SUPPLIED RECORDS section start

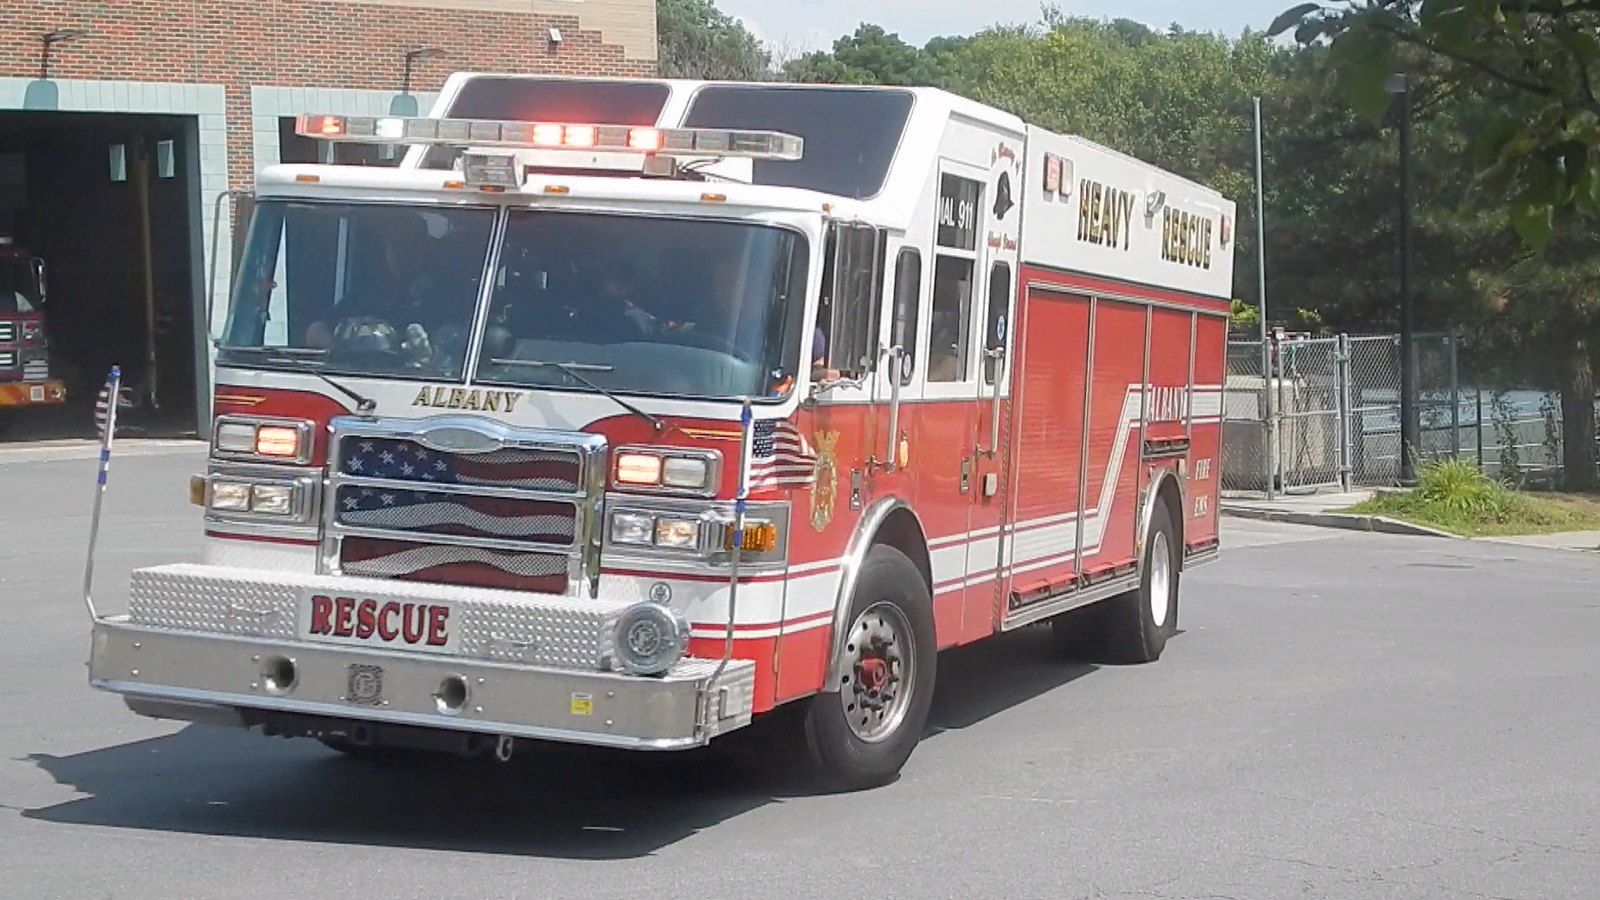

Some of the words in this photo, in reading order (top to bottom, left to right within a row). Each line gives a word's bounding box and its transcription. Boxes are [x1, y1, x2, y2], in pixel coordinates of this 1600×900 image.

[958, 200, 973, 230] 911
[1077, 178, 1136, 251] HEAVY
[1162, 205, 1212, 270] RESCUE
[411, 385, 524, 412] ALBANY
[309, 595, 450, 646] RESCUE
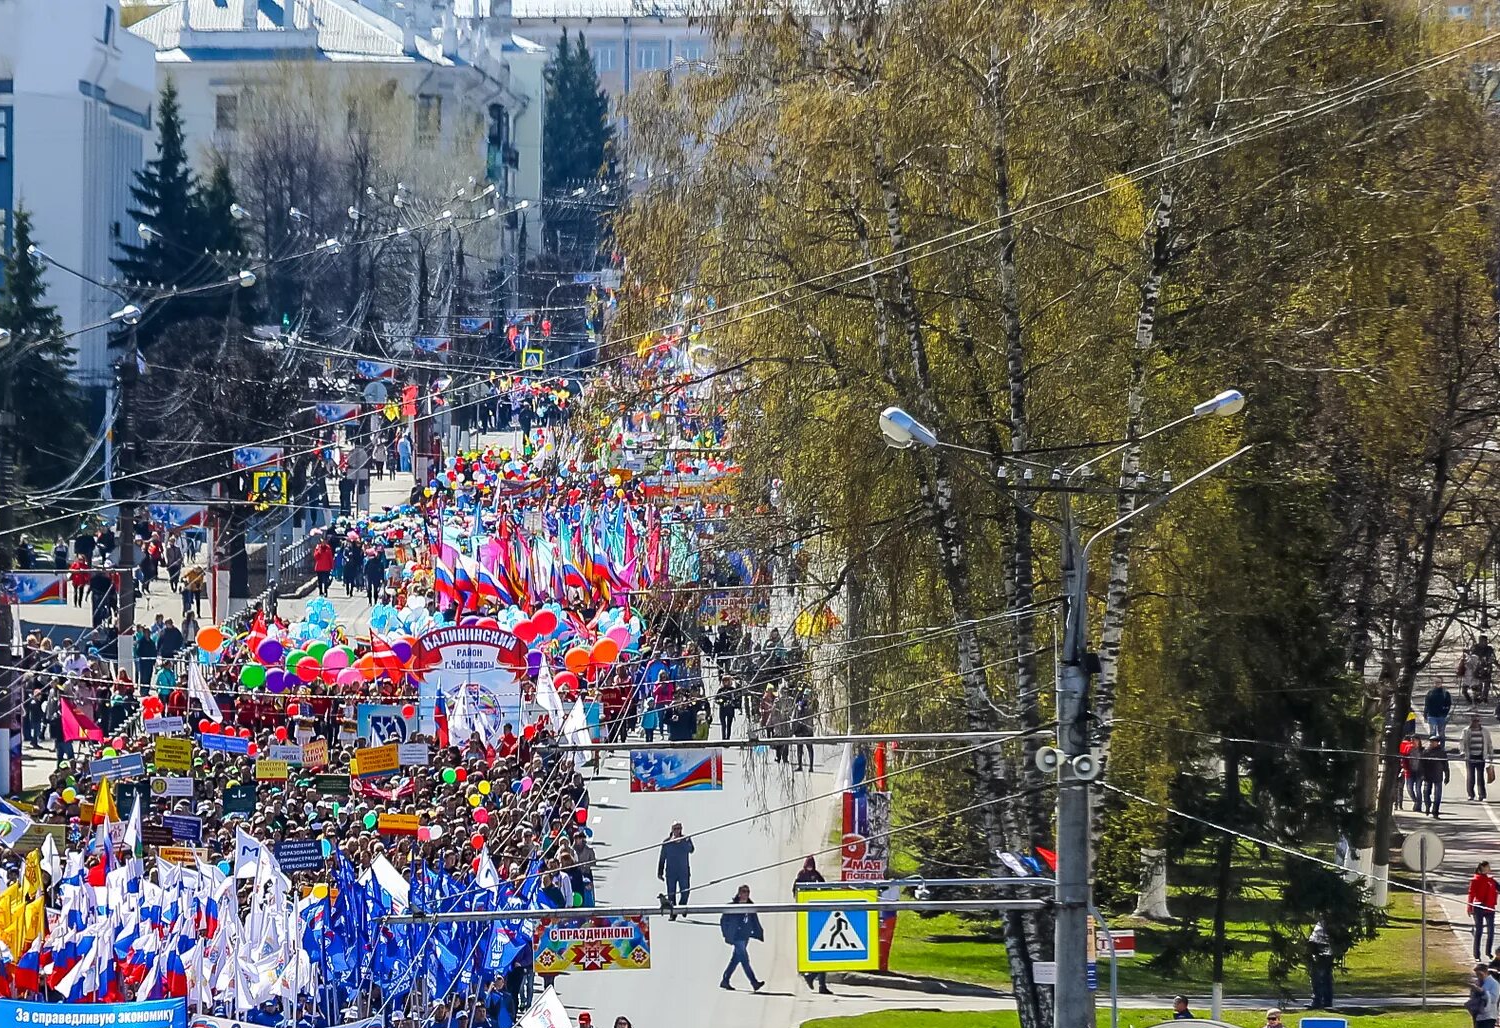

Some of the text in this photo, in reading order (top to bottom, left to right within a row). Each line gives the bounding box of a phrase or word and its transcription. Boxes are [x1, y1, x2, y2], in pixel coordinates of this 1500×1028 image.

[422, 628, 518, 652] КАЛИНИНСКИЙ
[456, 648, 483, 657] РАЙОН
[852, 860, 882, 870] МАЯ
[551, 931, 558, 940] С
[15, 1008, 174, 1026] За справедливую экономику
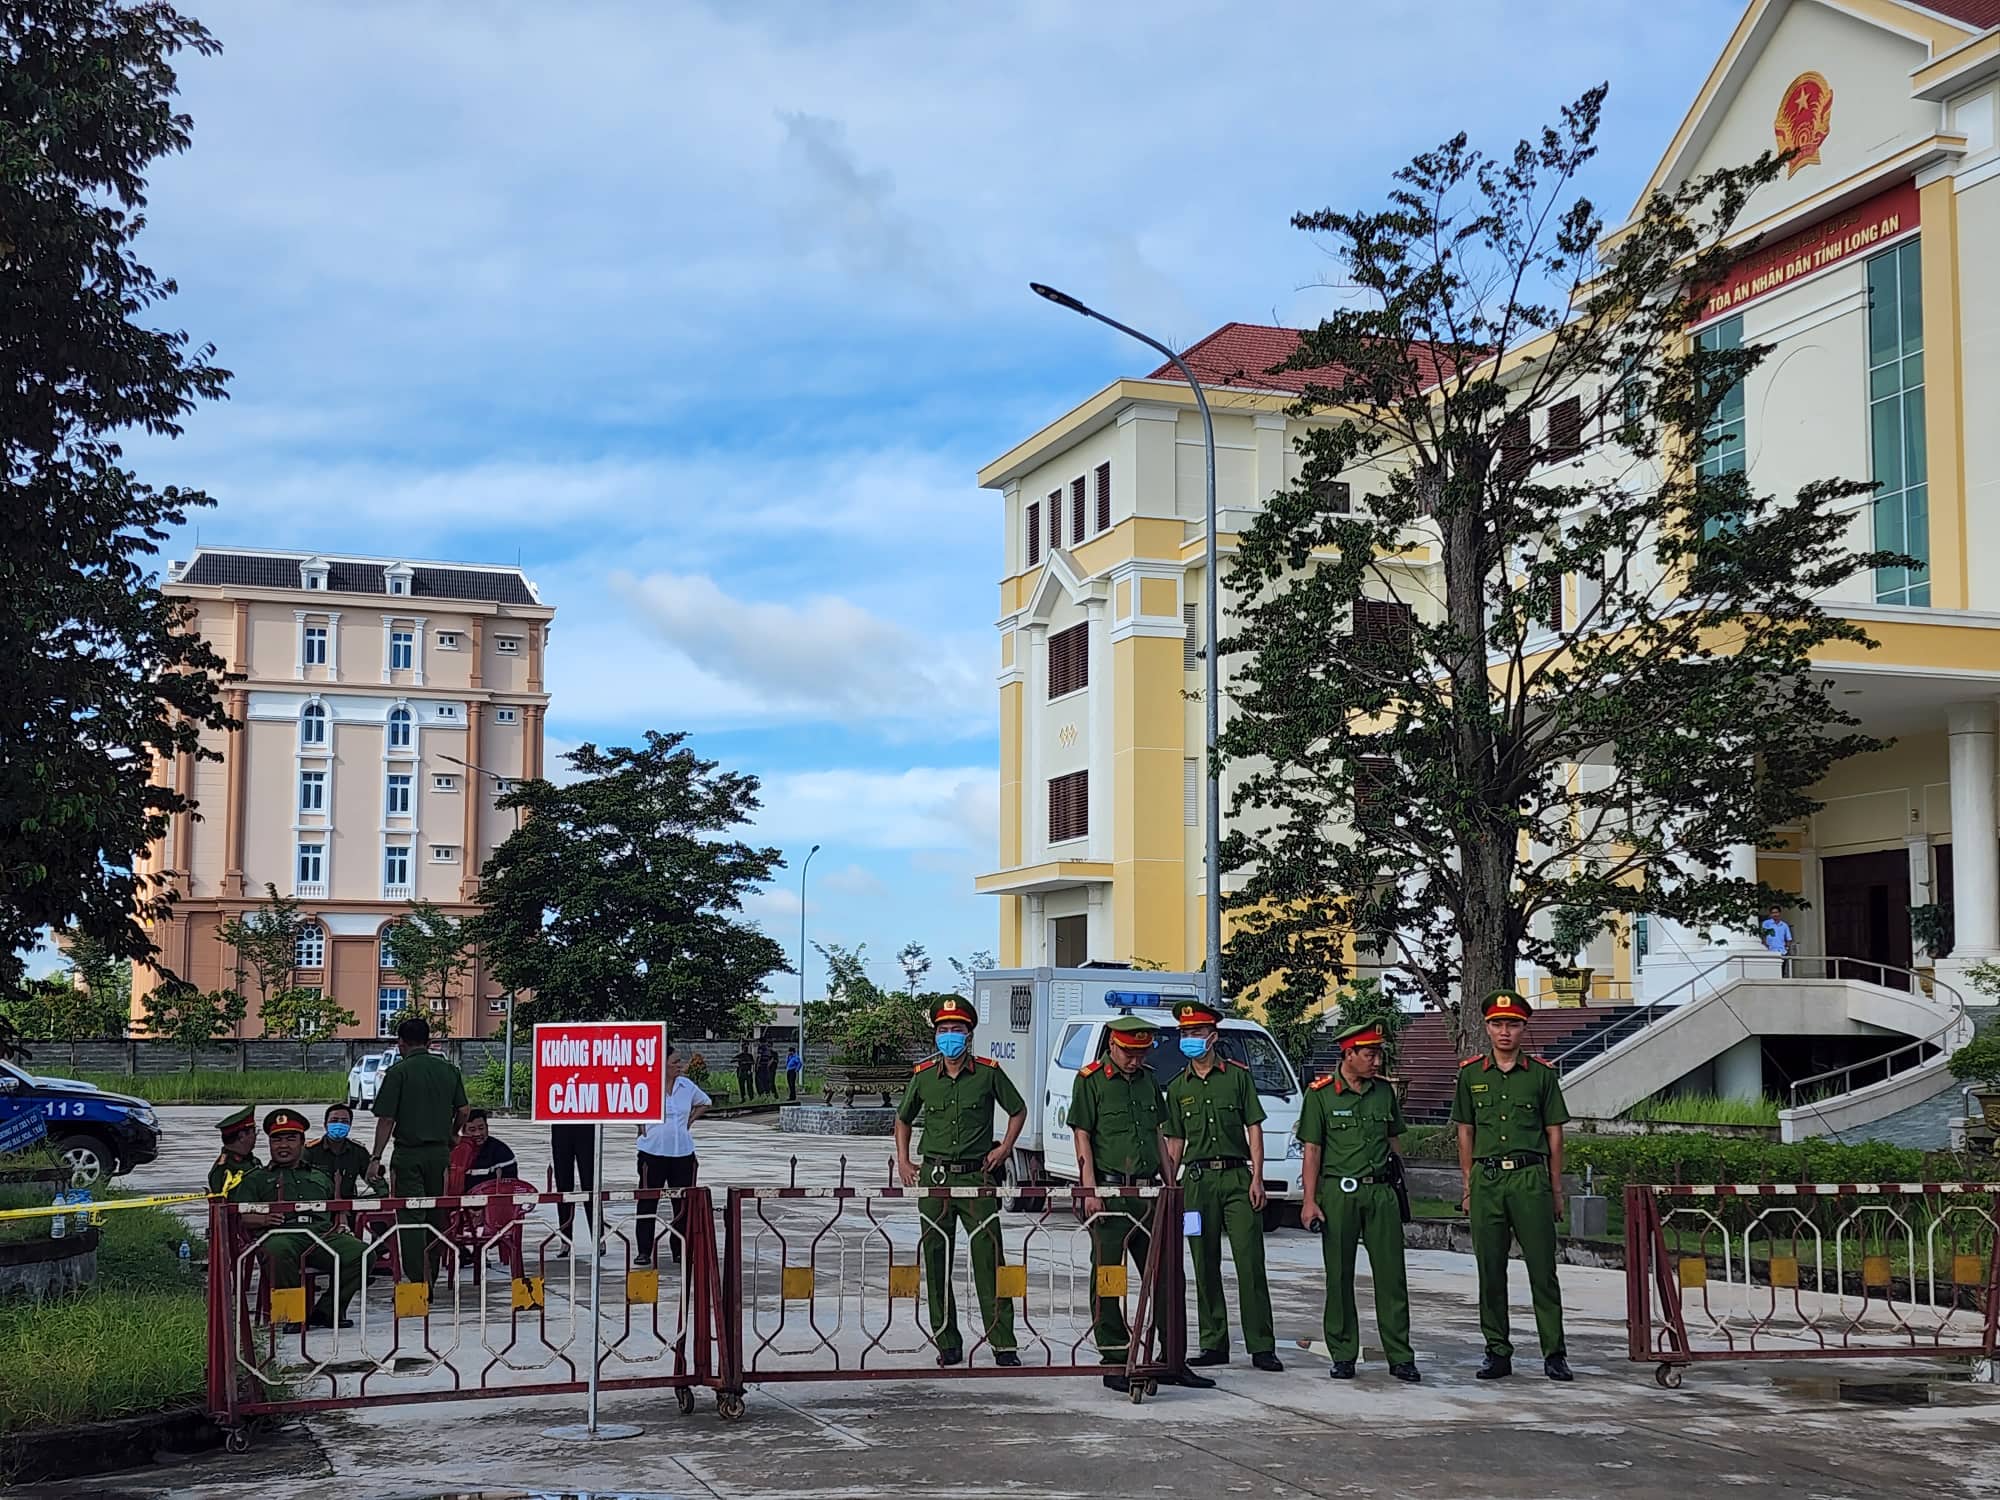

SUPPLIED RECORDS section end

WORK REQUIRED:
Write out the whole listing exactly. Do not include the pictures.

TASK RESULT:
Some of the words in this photo, in reading order (top to bottom, left to right within a row). Each line gives a word's bounding box and its transcription. Boxes are [x1, y1, x2, y2], in pixel coordinates of this 1600×900 image.

[958, 200, 973, 230] 911
[1077, 178, 1136, 251] HEAVY
[1162, 205, 1212, 270] RESCUE
[411, 385, 524, 412] ALBANY
[309, 595, 450, 646] RESCUE

Some of the text in this photo, in reading order (top to bottom, left to right within a row). Each line gives the bounding box of a phrase or word and its transcription. Boxes are [x1, y1, x2, y2], in pixel coordinates of this 1500×1028 image.

[422, 628, 518, 652] КАЛИНИНСКИЙ
[456, 648, 483, 657] РАЙОН
[852, 860, 882, 870] МАЯ
[551, 931, 558, 940] С
[15, 1008, 174, 1026] За справедливую экономику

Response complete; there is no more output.